> [Task to complete]:
Retype each entry verbatim. Do not include the images.

BEGIN Given data

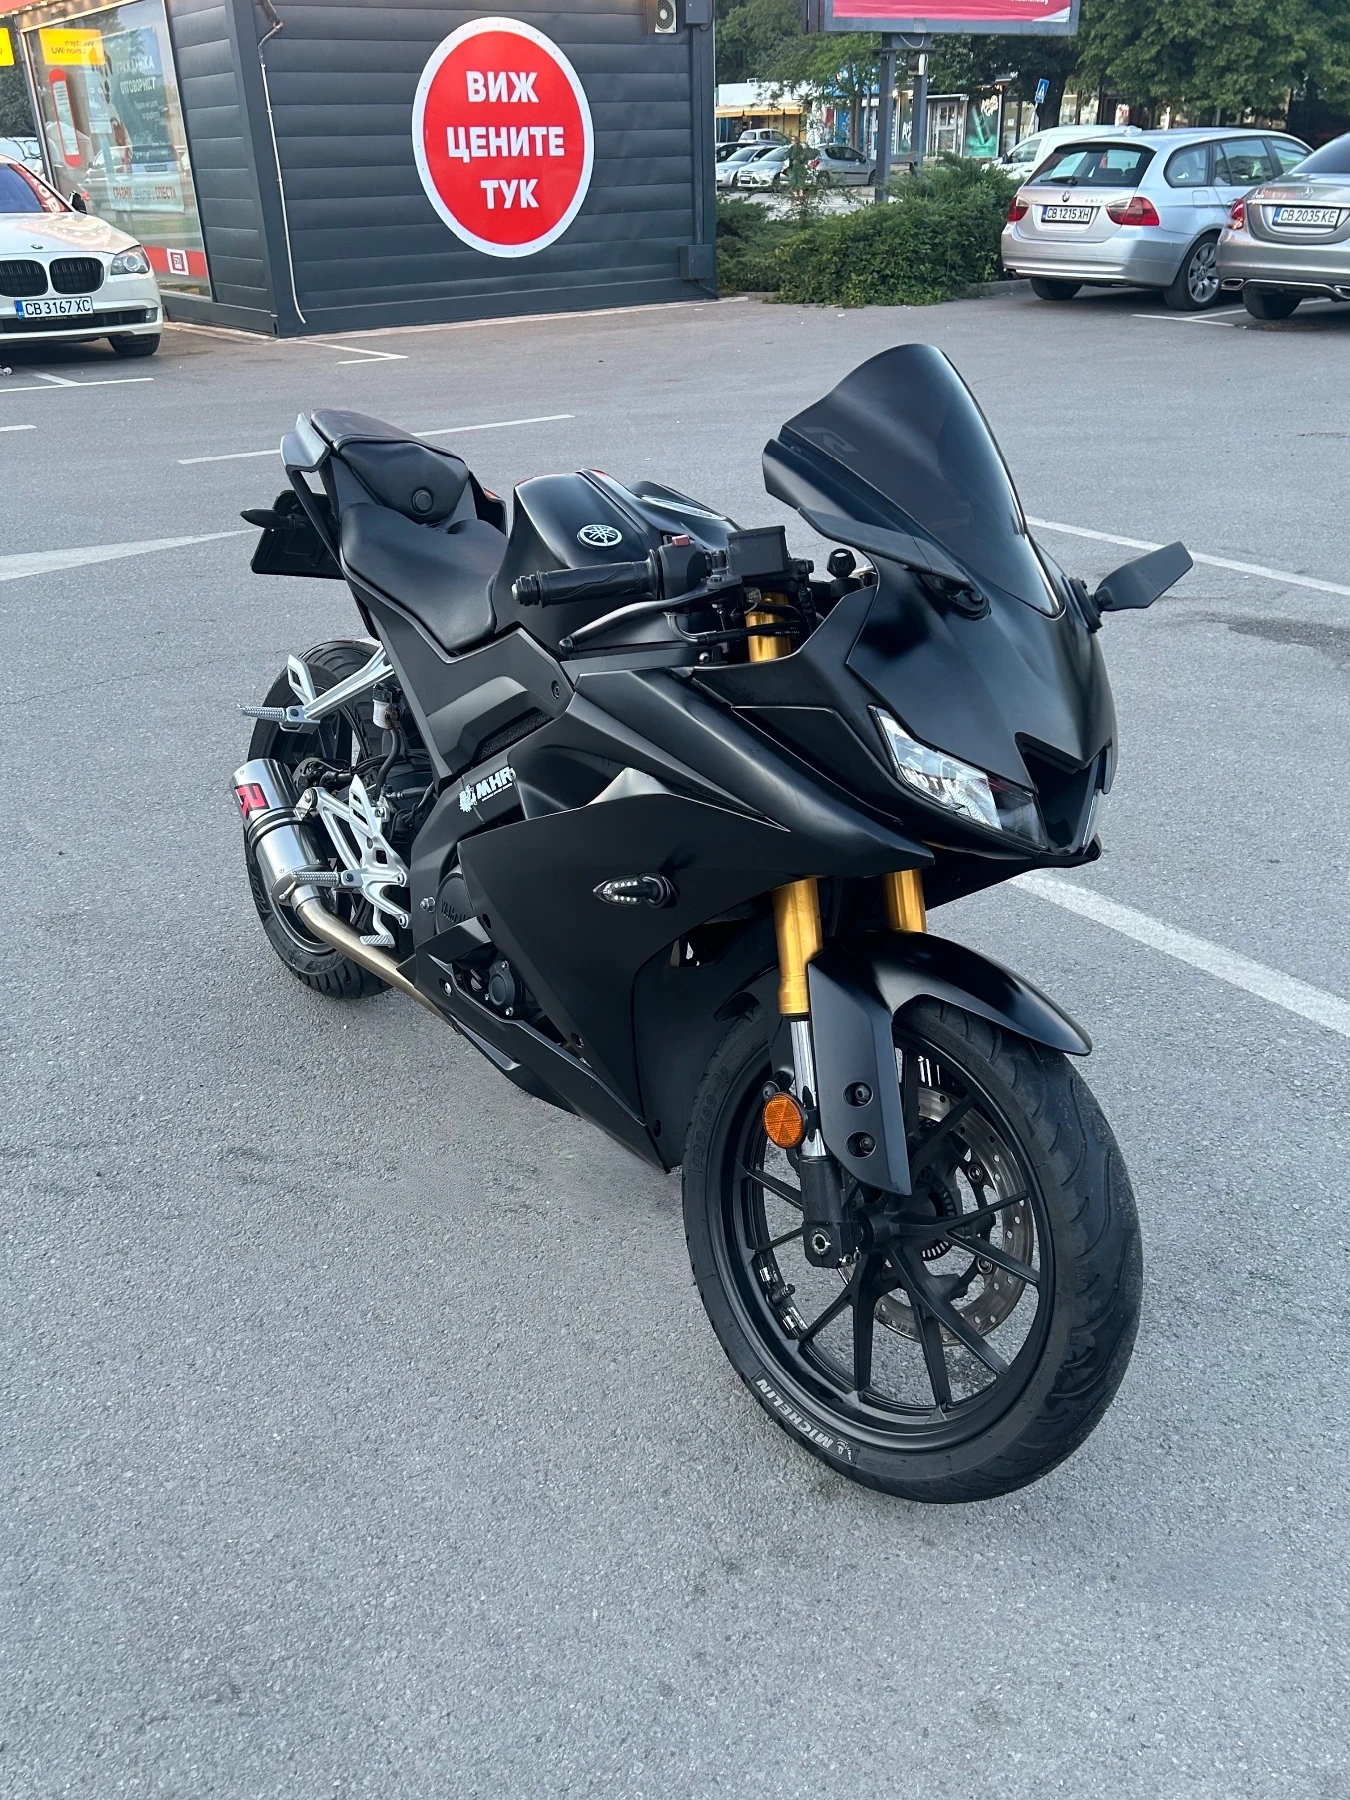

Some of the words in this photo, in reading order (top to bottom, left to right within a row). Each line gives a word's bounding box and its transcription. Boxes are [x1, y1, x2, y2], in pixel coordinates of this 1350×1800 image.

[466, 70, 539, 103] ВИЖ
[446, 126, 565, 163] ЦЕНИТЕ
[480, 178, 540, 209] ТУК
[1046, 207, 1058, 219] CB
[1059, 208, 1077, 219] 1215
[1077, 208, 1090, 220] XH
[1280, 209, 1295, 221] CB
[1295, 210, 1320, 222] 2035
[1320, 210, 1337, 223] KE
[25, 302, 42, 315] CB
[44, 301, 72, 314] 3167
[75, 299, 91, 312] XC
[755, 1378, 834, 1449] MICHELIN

END Given data

> [Task response]:
Some of the words in this photo, in reading order (top to bottom, left to right within a row). Each line gives a word's bounding box and its transcription. Boxes are [x1, y1, x2, y2], in pixel coordinates of this 1350×1800 image.

[466, 70, 539, 103] ВИЖ
[446, 126, 565, 163] ЦЕНИТЕ
[480, 178, 540, 209] ТУК
[1046, 207, 1058, 219] CB
[1059, 208, 1077, 219] 1215
[1077, 208, 1090, 220] XH
[1280, 209, 1295, 221] CB
[1295, 210, 1320, 222] 2035
[1320, 210, 1337, 223] KE
[25, 302, 42, 315] CB
[44, 301, 72, 314] 3167
[75, 299, 91, 312] XC
[755, 1378, 834, 1449] MICHELIN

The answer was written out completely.